MODELING ANALYSIS OF ENHANCED BIOREMEDIATION AT THE SRS SANITARY LANDFILL

WEEBER, PHILIP A., HSI GeoTrans, 1080 Holcomb Bridge Road, Bldg. 100, Suite 190, Roswell, GA 30076, NEAL D. DURANT, HSI GeoTrans, 46050 Manekin Plaza, Suite 100, Sterling VA 20166 and DENNIS G. JACKSON, SRTC – Environmental Science and Technology, 773-42A, Aiken, SC 29808

Enhanced bioremediation can be attained through the injection of select gases into the subsurface to enhance the degradation of groundwater contaminants. The Westinghouse Savannah River Company has proposed to use this technology to treat contaminants in the groundwater at the SRS sanitary landfill (SLF). The most widespread contaminants that exhibit separate and distinct plume-like characteristics are trichloroethene (TCE) and vinyl chloride (VC).
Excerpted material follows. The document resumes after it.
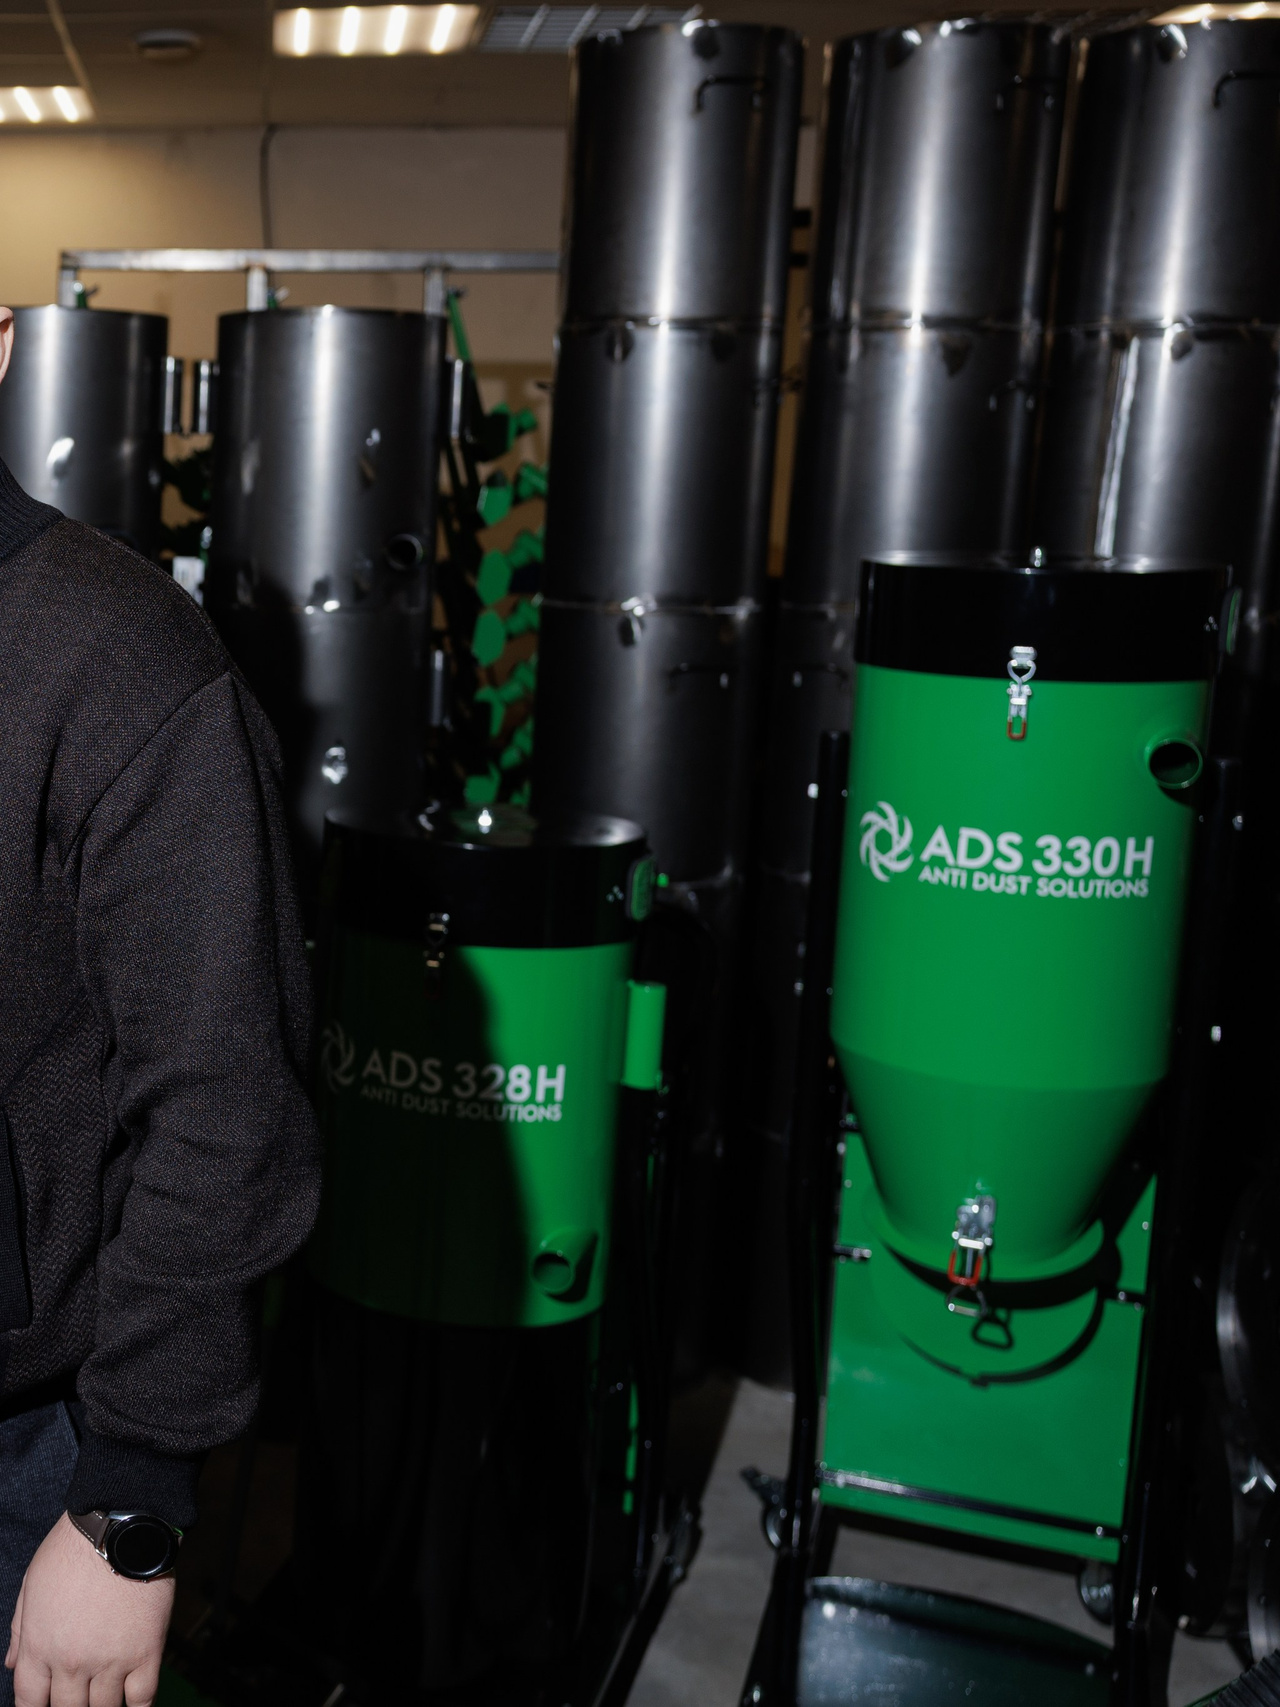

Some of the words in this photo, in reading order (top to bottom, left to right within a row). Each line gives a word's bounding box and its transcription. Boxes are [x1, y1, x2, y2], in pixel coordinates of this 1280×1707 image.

Enhanced bioremediation will be accomplished with two horizontal wells; utilizing cometabolic (methanotrophic) biodegradation for TCE and aerobic biodegradation for VC. The performance of the SLF bioremediation system was predicted with the resourceful linking of three complementary numerical codes. The first model (MODFLOW) was used to establish the three-dimensional groundwater flow field in and around the SLF. A second model (TRAMPP) was used to simulate bioactive zones occurring at and above the horizontal injection wells. The TRAMPP simulations provided a prediction of the performance efficiency, as well as a prediction of the radius of influence extending from the injection wells. The third model (RT3D) was used to simulate the reactive transport of the solutes (TCE and VC) from the landfill, through the bioactive zone, and to the downgradient wetlands and Upper Three Runs Creek. The three models collectively provided a basis for predicting the flow and biological degradation of chlorinated compounds in the SLF groundwater.